Progressive hypoxia-on-a-chip: An in vitro oxygen gradient model for capturing the effects of hypoxia on primary hepatocytes in health and disease.

Oxygen is vital to the function of all tissues including the liver and lack of oxygen, that is, hypoxia can result in both acute and chronic injuries to the liver in vivo and ex vivo. Furthermore, a permanent oxygen gradient is naturally present along the liver sinusoid, which plays a role in the metabolic zonation and the pathophysiology of liver diseases. Accordingly, here, we introduce an in vitro microfluidic platform capable of actively creating a series of oxygen concentrations on a single continuous microtissue, ranging from normoxia to severe hypoxia.

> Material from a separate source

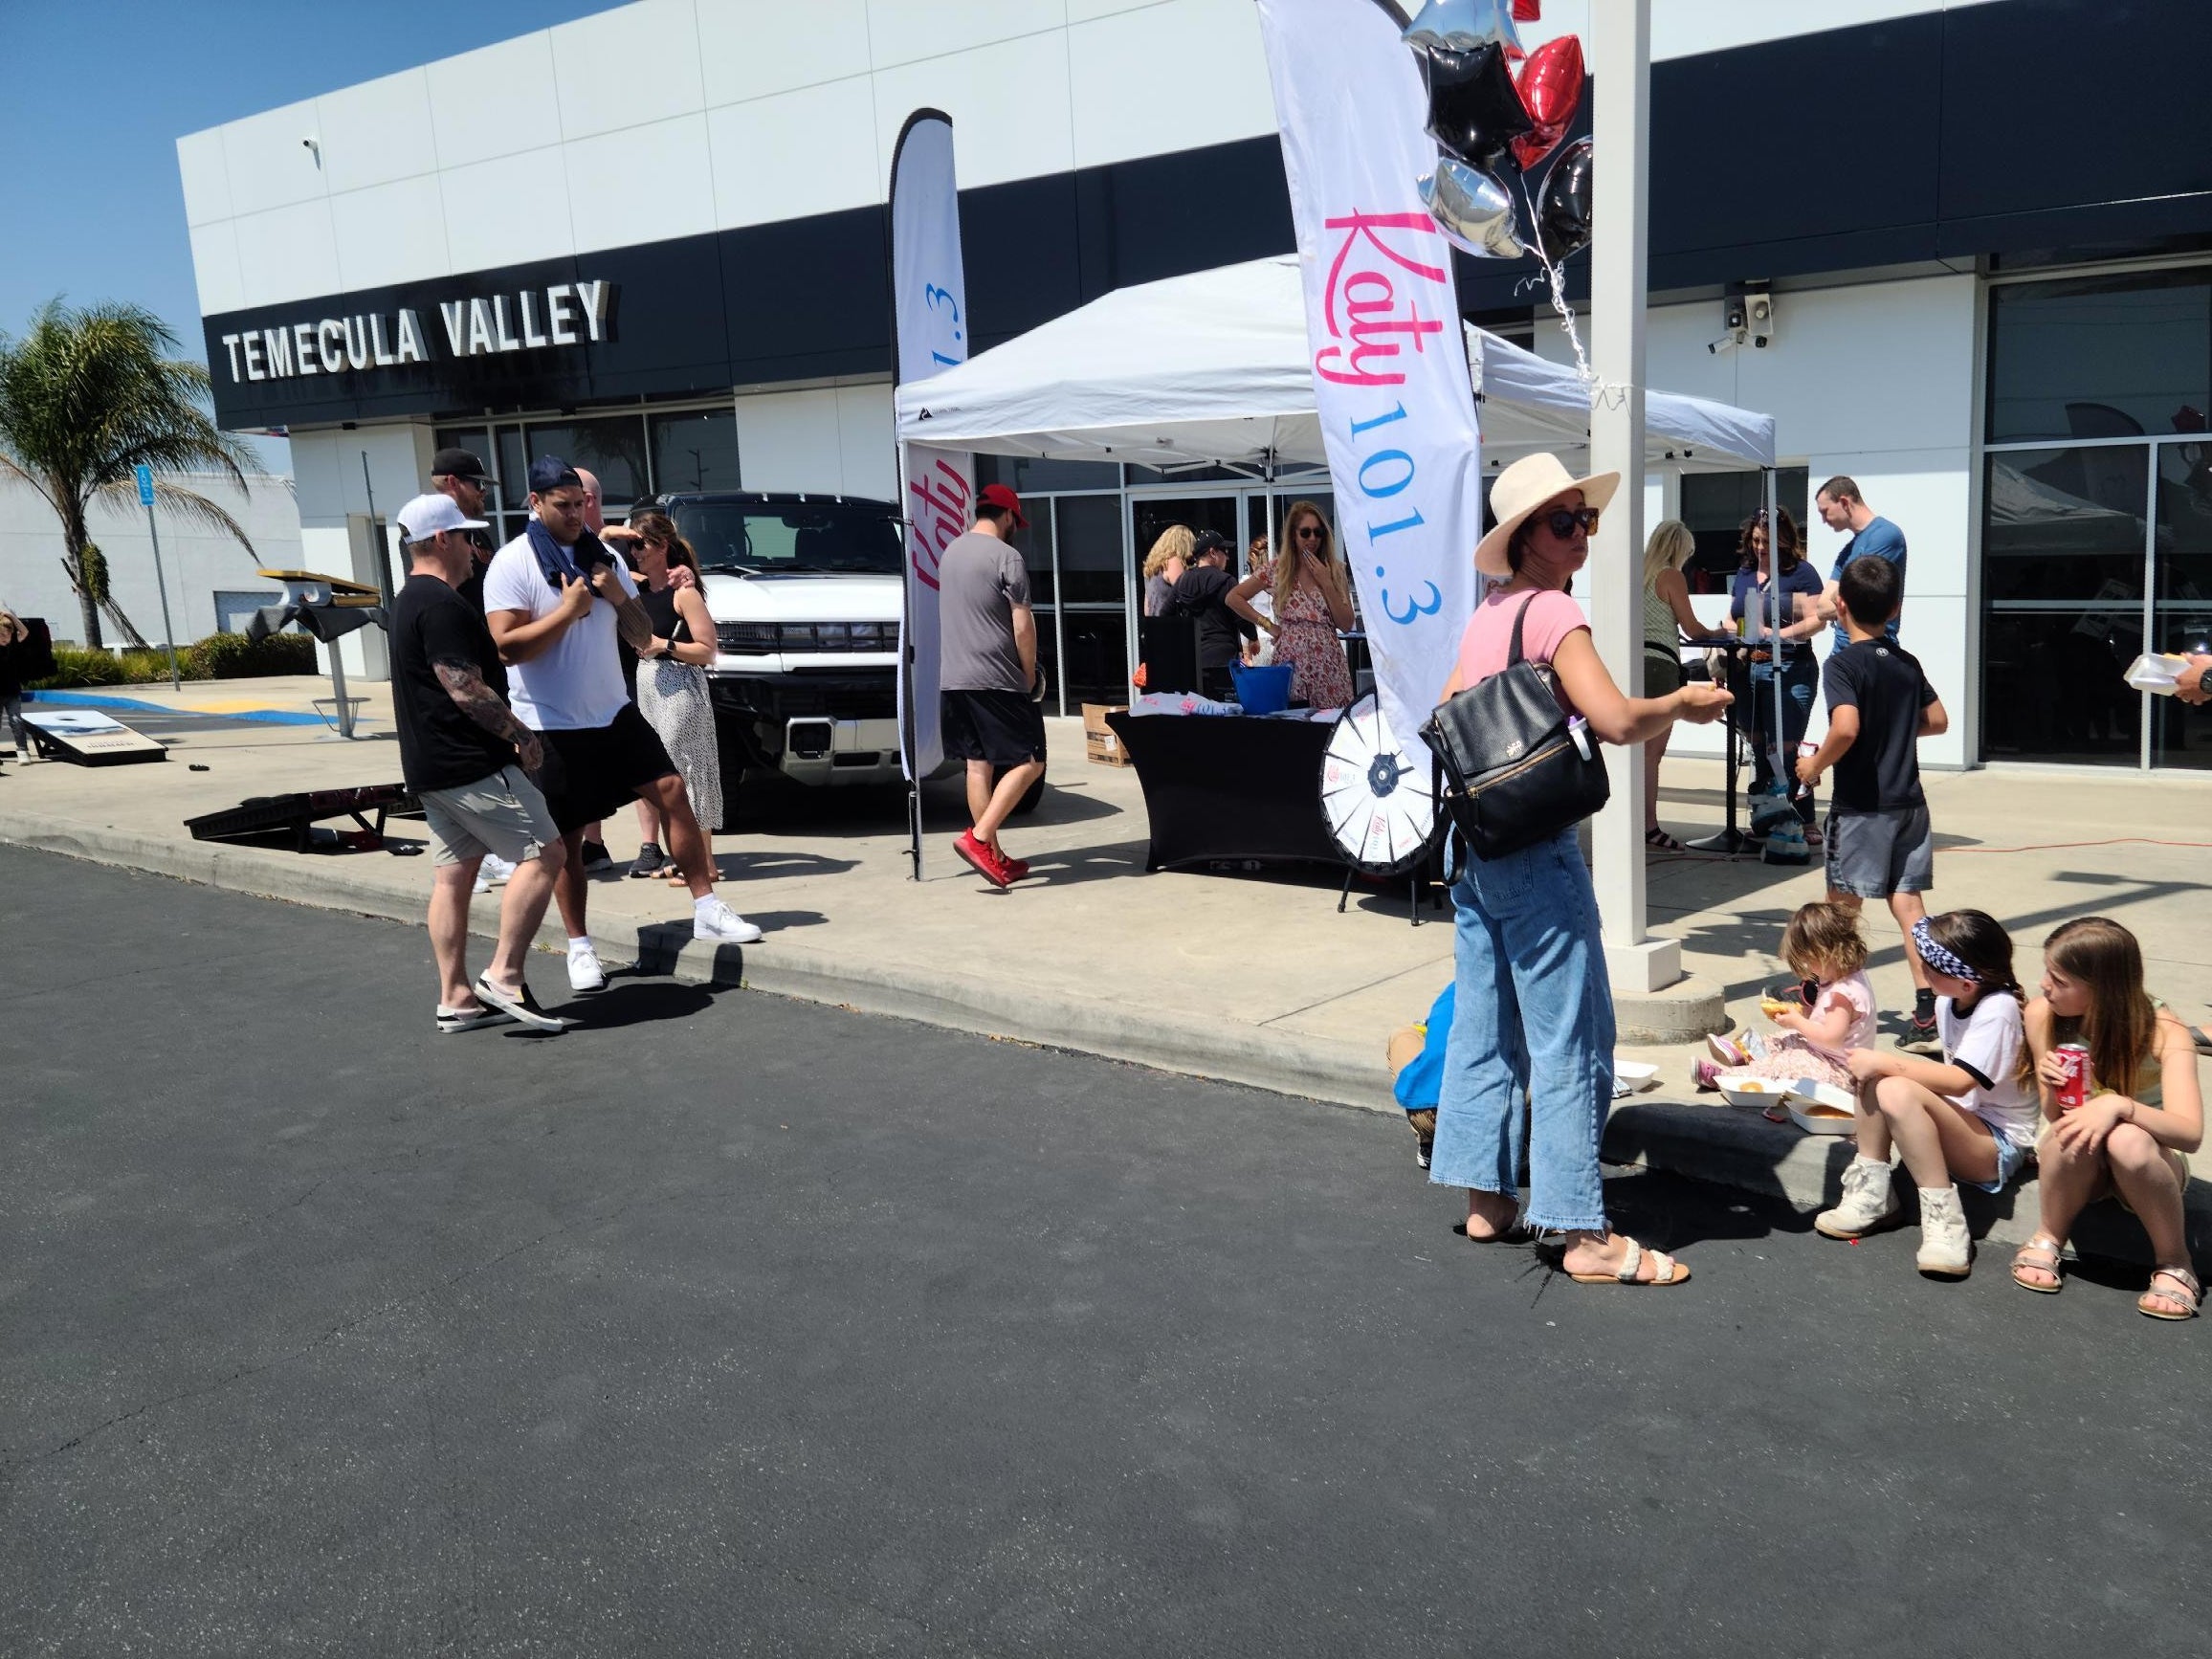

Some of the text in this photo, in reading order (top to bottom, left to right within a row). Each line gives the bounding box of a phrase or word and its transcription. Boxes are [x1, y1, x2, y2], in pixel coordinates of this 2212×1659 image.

[222, 279, 610, 384] TEMECULA VALLEY
[925, 282, 962, 366] 1.3
[1316, 207, 1447, 626] Katy 101.3

This range approximately captures both the physiologically relevant oxygen gradient generated from the portal vein to the central vein in the liver, and the severe hypoxia occurring in ischemia and liver diseases. Primary rat hepatocytes cultured in this microfluidic platform were exposed to an oxygen gradient of 0.3-6.9%. The establishment of an ascending hypoxia gradient in hepatocytes was confirmed in response to the decreasing oxygen supply. The hepatocyte viability in this platform decreased to approximately 80% along the hypoxia gradient. Simultaneously, a progressive increase in accumulation of reactive oxygen species and expression of hypoxia-inducible factor 1α was observed with increasing hypoxia. These results demonstrate the induction of distinct metabolic and genetic responses in hepatocytes upon exposure to an oxygen (/hypoxia) gradient. This progressive hypoxia-on-a-chip platform can be used to study the role of oxygen and hypoxia-associated molecules in modeling healthy and injured liver tissues. Its use can be further expanded to the study of other hypoxic tissues such as tumors as well as the investigation of drug toxicity and efficacy under oxygen-limited conditions.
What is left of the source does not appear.